EXERCISE — Each record is to be printed again exactly, though not its pictures.

RECORDS TO USE —
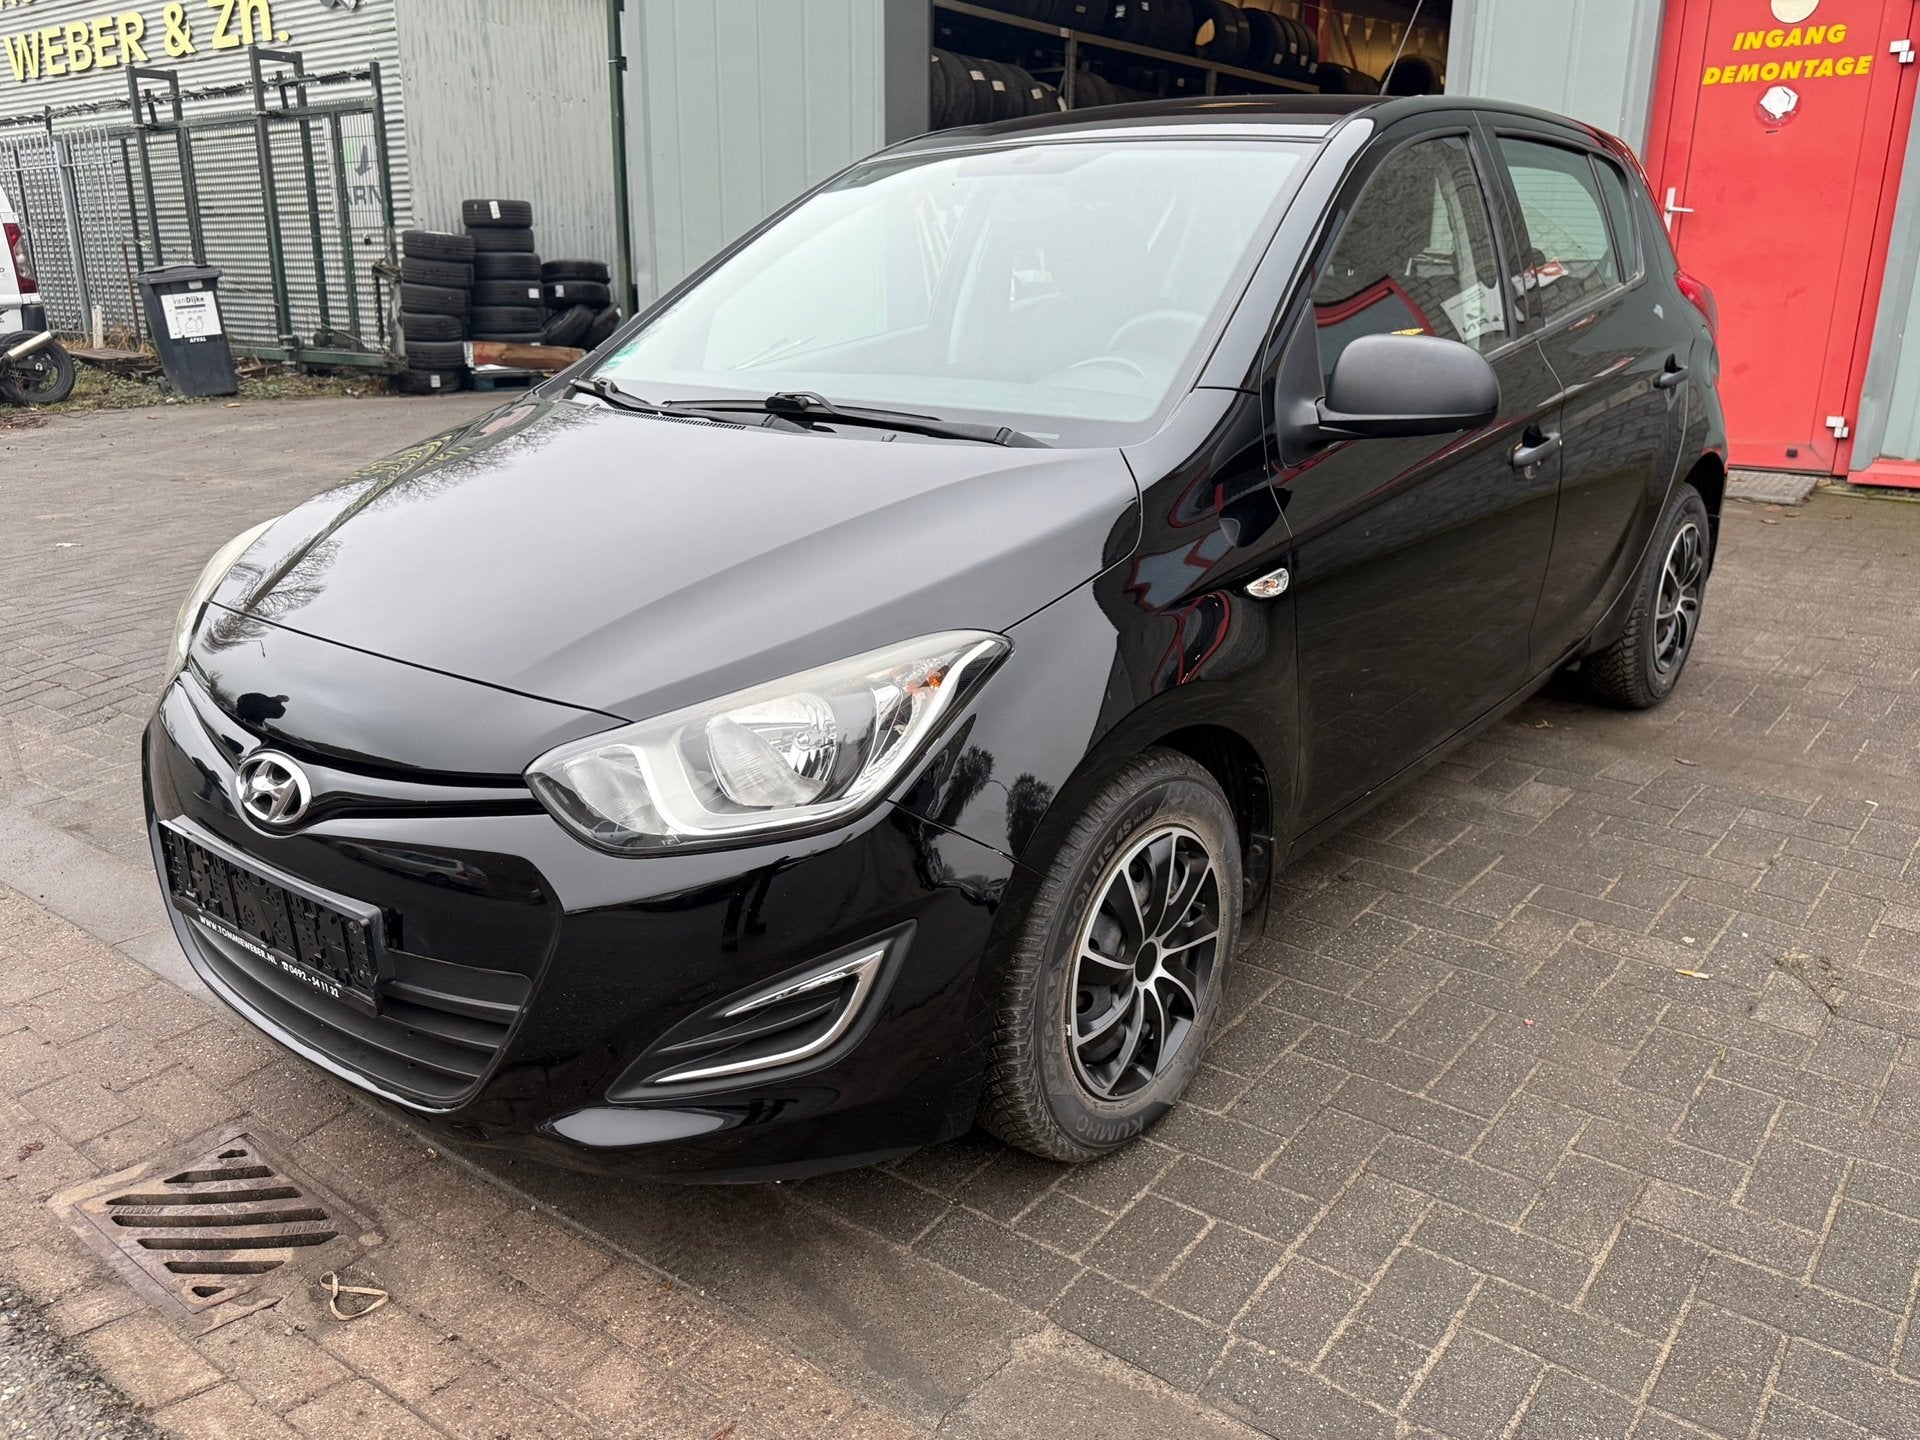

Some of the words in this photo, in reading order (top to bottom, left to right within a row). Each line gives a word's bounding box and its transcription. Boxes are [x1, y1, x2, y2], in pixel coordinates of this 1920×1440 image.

[3, 12, 148, 81] WEBER
[163, 2, 197, 57] &
[207, 0, 290, 49] Zn.
[1732, 23, 1848, 51] INGANG
[1701, 55, 1873, 86] DEMONTAGE
[1076, 1115, 1144, 1141] KUMHO
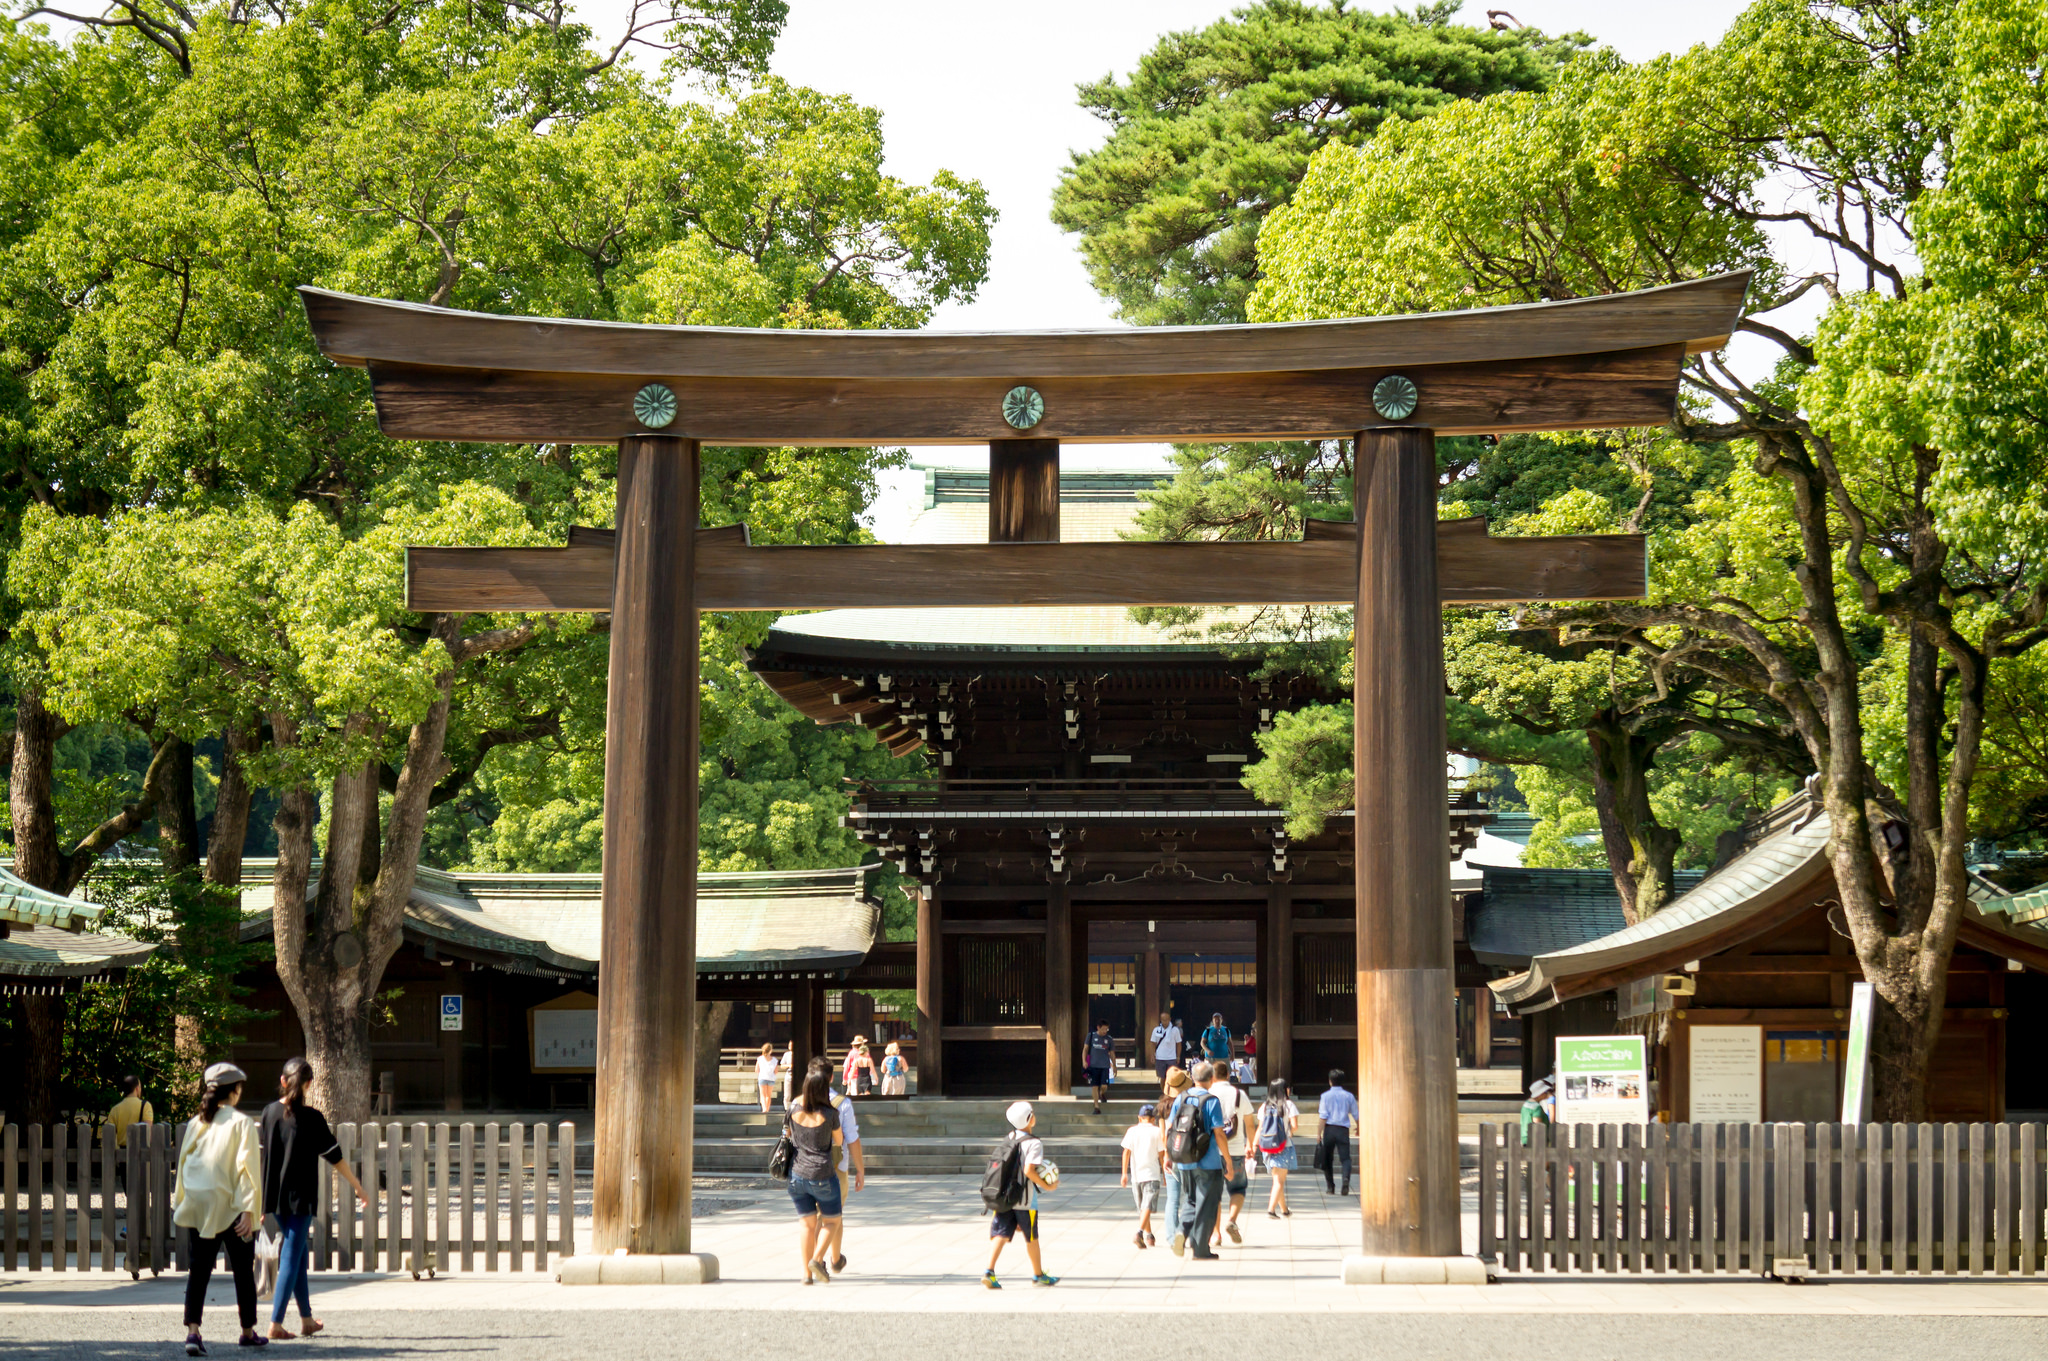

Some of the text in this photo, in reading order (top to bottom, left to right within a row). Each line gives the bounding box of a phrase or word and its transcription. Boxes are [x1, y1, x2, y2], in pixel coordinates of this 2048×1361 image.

[1570, 1049, 1633, 1062] 入会のご案内

EXERCISE RESPONSE —
Some of the words in this photo, in reading order (top to bottom, left to right within a row). Each line gives a word's bounding box and its transcription. Boxes are [x1, y1, x2, y2], in pixel coordinates of this 1920×1440 image.

[3, 12, 148, 81] WEBER
[163, 2, 197, 57] &
[207, 0, 290, 49] Zn.
[1732, 23, 1848, 51] INGANG
[1701, 55, 1873, 86] DEMONTAGE
[1076, 1115, 1144, 1141] KUMHO

Some of the text in this photo, in reading order (top to bottom, left to right within a row). Each line gives the bounding box of a phrase or word and its transcription. Boxes are [x1, y1, x2, y2], in pixel coordinates of this 2048×1361 image.

[1570, 1049, 1633, 1062] 入会のご案内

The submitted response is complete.